16 peserta yang berotak encer itu adalah: Clara, satu-satunya peserta perempuan yang lolos dalam seleksi FUSI, dia adalah anak dari Bram Wibisono, salah satu pendiri FUSI bersama dengan Prasetyo, seorang fisikawan Indonesia. Angga peserta dari Jakarta yang juga teman Clara, dia seorang yang ambisius, optimis, sombong tapi berprestasi, tujuannya mengikuti olimpiade adalah menjadi pemenang. Erik yang berasal dari Medan, dia orang yang pemalu dan pendiam, cenderung menyembunyikan diri dan irit sekali kalo ngomong. Made, dari namanya bisa ditebak kalau dia berasal dari Bali, anak muda yang kayak jerapah ini adalah fans berat MU, konyol, suka ngasih teka-teki ke teman-temannya, dan dia suka maen game padahal teman yang lain sibuk belajar. Dimas asal dari mBoyolali, bahasa tubuhnya kemayu, sering dibully sebagai banci sama Angga tapi dia tetap tersenyum dan memamerkan lesung pipitnya. Irvan berasal dari Pangkalan Bun, nggak tahu kan? Sama!! Pasti kalau baru awal kenalan pada tanya di mana tuh? Trus Irvan dengan sabar akan menjelaskan ke tiap orang yang bertanya. Reno dari Manado, orangnya polos. Ada si rajin Arief dari Pamekasan, rajin sholat dan dia sering menjuarai kompetisi Fisika di tingkat Kabupaten dan kota. Bambang, berasal dari Tulung Agung, bertubuh pendek dan gempal, dia juga lugu sekali. Khrisna, dari namanya saja sudah ketauan kalau dia cakep, asal dari Malang. Dia punya bakat menggombal terutama ke Clara, pervaya diri tinggi, cuek dan ceplas ceplos, dia juga suka mengadakan eksperimen yang nantinya akan diperlihatkan ke anak yatim. George, asal dari Papua, punya masa lalu yang buruk karena tidak suka sepak bola, tapi dia menunjukkan kehebatannya dengan prestasi yang gemilang. Sandy dari Bukit Tinggi, kalau suntuk dan capek belajar dia akan olahraga kecil sebentar, contohnya sit up. Meddy berasal dari Ambon, berwajah sendu dan suka merendah, kalau ngantuk tapi masih pengen belajar dia akan merendam kakinya di ember yang berisi air dingin, maka akan segar kembali. Alam dari Ujung Pandang, kaku dan canggung. Robby berasal dari Jawa Barat, suka narsis kalau dia mirip sama aktor jaman dulu, dia suka iseng dan sama seperti Made suka ngasih tebak-tebakan ke temennya. Dan yang terakhir adalah Bagas, dia paling tidak disukai teman-teman, posturnya kayak atlet basket, terkenal sangat sombong, cuek, angkuh, tidak peduli dengan sekitar, dia menjadi favoriteku :p. Mereka semua tinggal satu atap di asrama 'Kawah Candradimuka".

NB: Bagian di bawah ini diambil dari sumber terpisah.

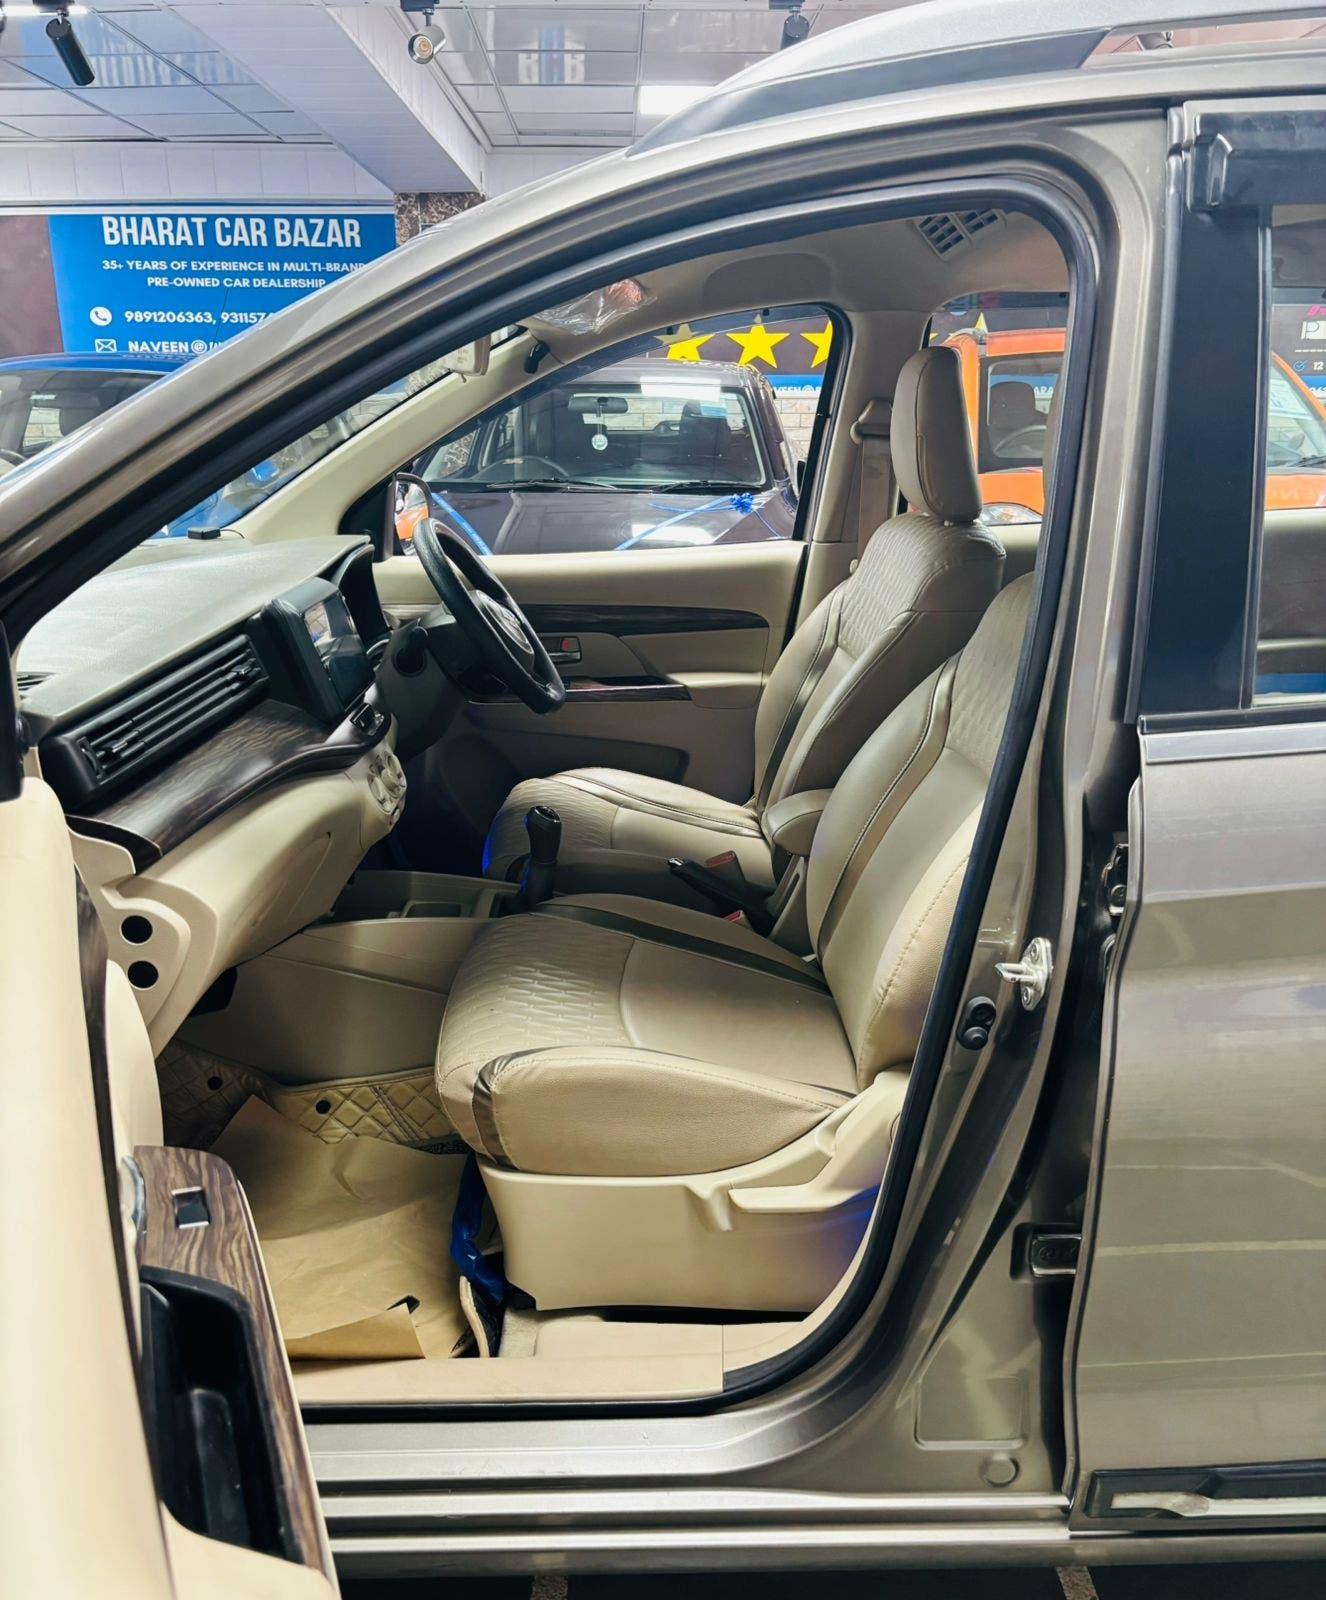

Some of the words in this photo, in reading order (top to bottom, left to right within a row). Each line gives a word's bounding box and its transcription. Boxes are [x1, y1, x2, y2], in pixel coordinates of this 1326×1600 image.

[101, 216, 207, 247] BHARAT
[215, 217, 268, 247] CAR
[274, 218, 362, 248] BAZAR
[102, 260, 124, 270] 35+
[126, 260, 168, 270] YEARS
[170, 261, 188, 271] OF
[191, 261, 264, 271] EXPERIENCE
[267, 262, 280, 272] IN
[147, 277, 220, 287] PRE-OWNED
[223, 278, 250, 288] CAR
[253, 278, 326, 289] DEALERSHIP
[124, 311, 217, 325] 9891206363,
[221, 311, 273, 324] 931157

Gatotkaca, saat keluar dari Kawah Candradimuka, memiliki kekuatan luar biasa, bak berototkan kawat dan bertulang besi. Jadi, ini adalah tempat kalian digodok dan digembleng menjadi orang-orang yang benar-benar berkualitas juara."

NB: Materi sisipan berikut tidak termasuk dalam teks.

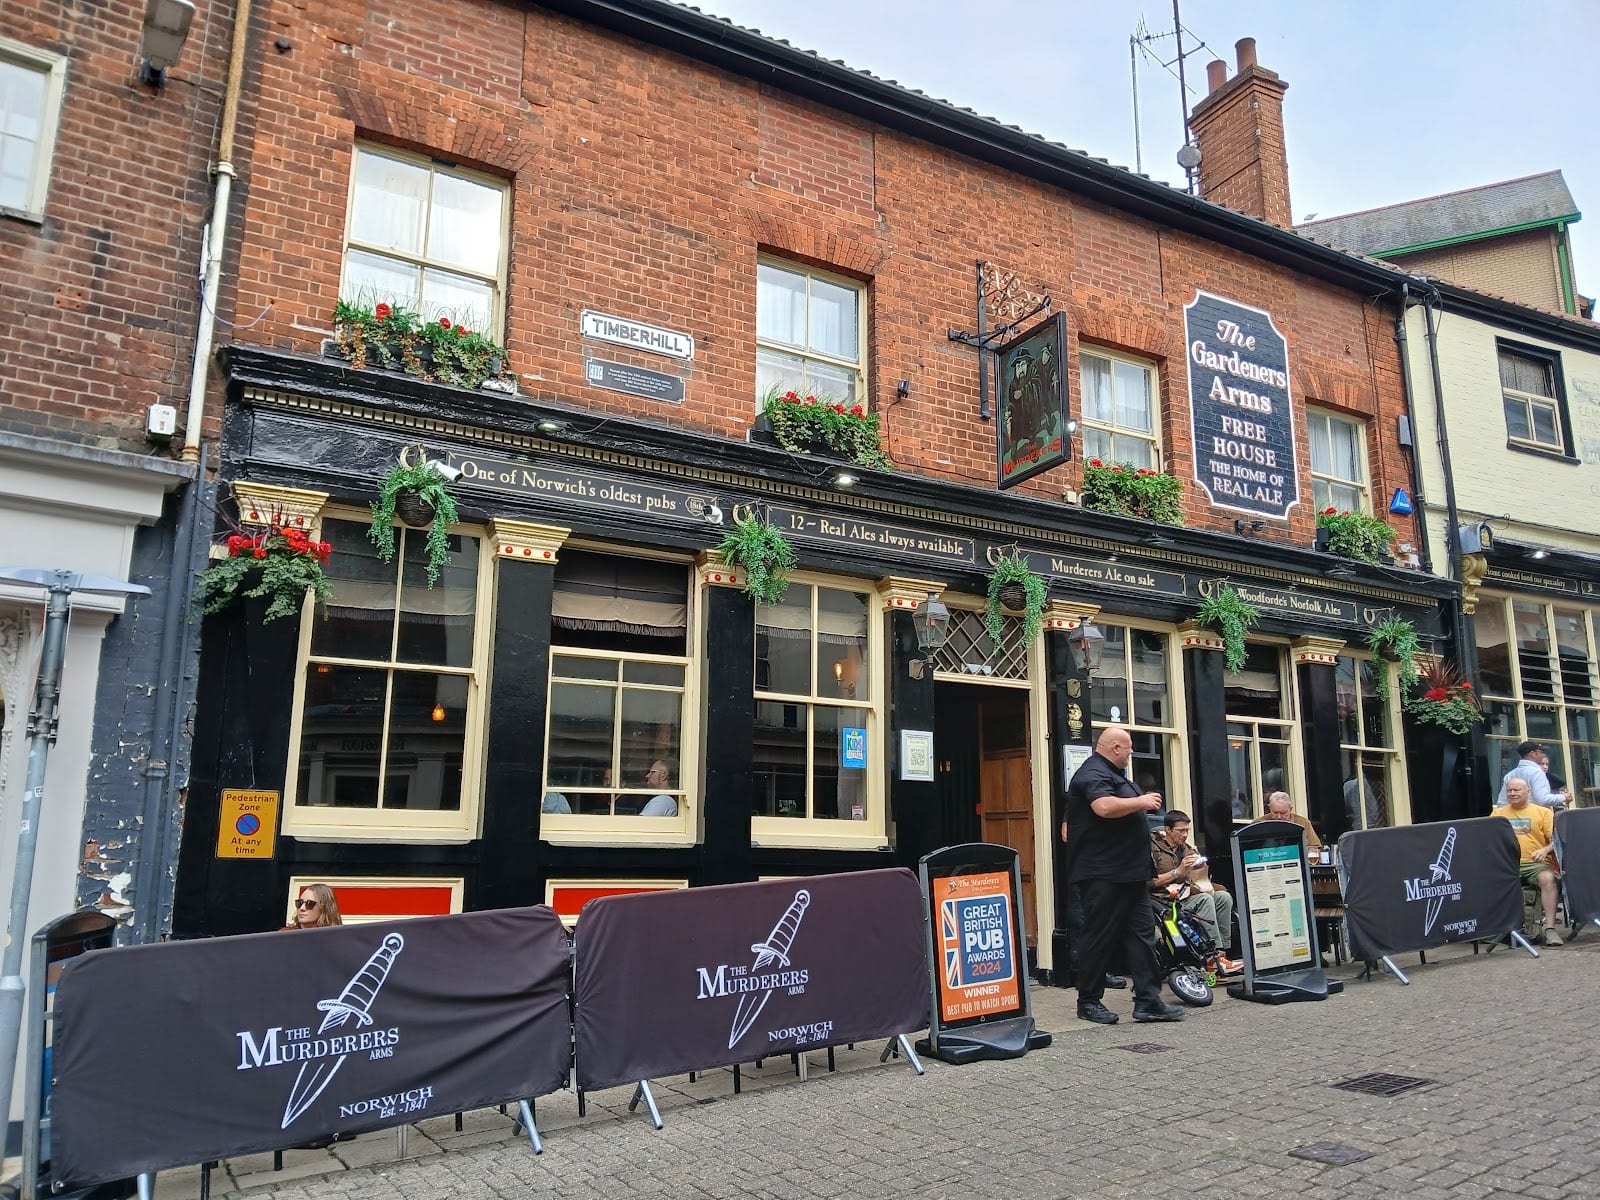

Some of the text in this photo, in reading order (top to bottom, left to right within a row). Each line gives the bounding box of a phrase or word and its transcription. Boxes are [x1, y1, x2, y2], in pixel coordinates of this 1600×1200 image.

[593, 318, 682, 352] TIMBERHILL
[1216, 320, 1256, 351] The
[1191, 340, 1287, 389] Gardeners
[1209, 376, 1272, 414] Arms
[1221, 415, 1266, 443] FREE
[1212, 437, 1276, 468] HOUSE
[1209, 459, 1284, 487] THE HOME OF
[460, 461, 495, 481] One
[500, 470, 516, 485] of
[522, 471, 596, 497] Norwich's
[600, 486, 642, 504] oldest
[646, 494, 676, 511] pubs
[1213, 476, 1283, 505] REAL ALE
[790, 514, 804, 530] 12
[820, 520, 846, 537] Real
[849, 526, 876, 541] Ales
[878, 530, 915, 550] always
[917, 538, 964, 555] available
[1051, 559, 1155, 587] Murderers Ale on sale
[1290, 595, 1322, 613] Norfolk
[1325, 605, 1341, 616] Ales
[226, 794, 274, 802] Pedestrian
[231, 837, 241, 845] At
[1404, 878, 1462, 902] MURDERERS
[963, 903, 1001, 920] GREAT
[964, 917, 1003, 932] BRITISH
[1444, 919, 1477, 932] NORWICH
[965, 929, 1005, 952] PUB
[967, 949, 1006, 964] AWARDS
[730, 966, 747, 976] THE
[971, 962, 1001, 977] 2024
[696, 965, 808, 999] MURDERERS
[788, 985, 805, 996] ARMS
[964, 984, 1000, 998] WINNER
[947, 994, 1017, 1016] BEST PUB TO WATCH SPORT
[286, 1027, 310, 1041] THE
[768, 1021, 833, 1042] NORWICH
[236, 1027, 399, 1070] MURDERERS
[369, 1047, 393, 1060] ARMS
[339, 1086, 434, 1118] NORWICH
[380, 1100, 428, 1119] Est. -1841

Masalah datang ketika bagas meng-hack situs pemerintah, dia terpaksa di penjara dan FUSI terancam gagal mengirimkan wakilnya untuk Olimpiade, selain itu prestasi FUSI yang merosot dua tahun terakhir membuat banyak pendonor mengundurkan diri bahkan pemerintahpun abu abu dalam membantu. Jadi ikut sebel waktu bacanya, buat WC milyaran rupiah aja bisa sedangkan disuruh membantu kegiatan yang mengharumkan nama bangsa saja dipikir-pikir dulu, kadang saya merasa mereka itu tidak punya otak *emosi*. Yah itulah lemahnya negara kita, jadi ilmuwan di Indonesia juga siap-siap mlarat.
Saya enjoy sekali membaca buku ini, apalagi membaca bagian keseharian para peserta, walau pun mereka saingan tapi mereka bisa juga sangat dekat, saling bersahabat. Kocak banget waktu mereka saling memberi tebak-tebakan, saling menguatkan ketika dini hari masih belajar dan mengantuk, membuat eksperimen seru, saling menggoda teman di mana Clara yang menjadi sasarannya karena cewek sendiri, seru pokoknya, dan tidak membutuhkan waktu yang lama untuk menyelesaikannya, karena kita akan selalu penasaran apa yang akan selanjutnya mereka lakukan. Ternyata orang jenius itu sama aja kayak orang biasa, mereka bisa bergurau dan bercanda, gombal tapi tetap sewaktu berhadapan dengan soal mereka akan sangat serius, mungkin itu bedanya :p. Bagian yang mebuat saya tertawa terpingkal-pingkal adalah waktu Khrisna memberikan surat kaleng yang berisi rayuan gombal kepada Clara, dan teman-teman yang lain merekamnya hanya ingin melihat ekspresi Clara sewaktu membacanya, hahaha Khrisna, sumpah ya, gombal banget =))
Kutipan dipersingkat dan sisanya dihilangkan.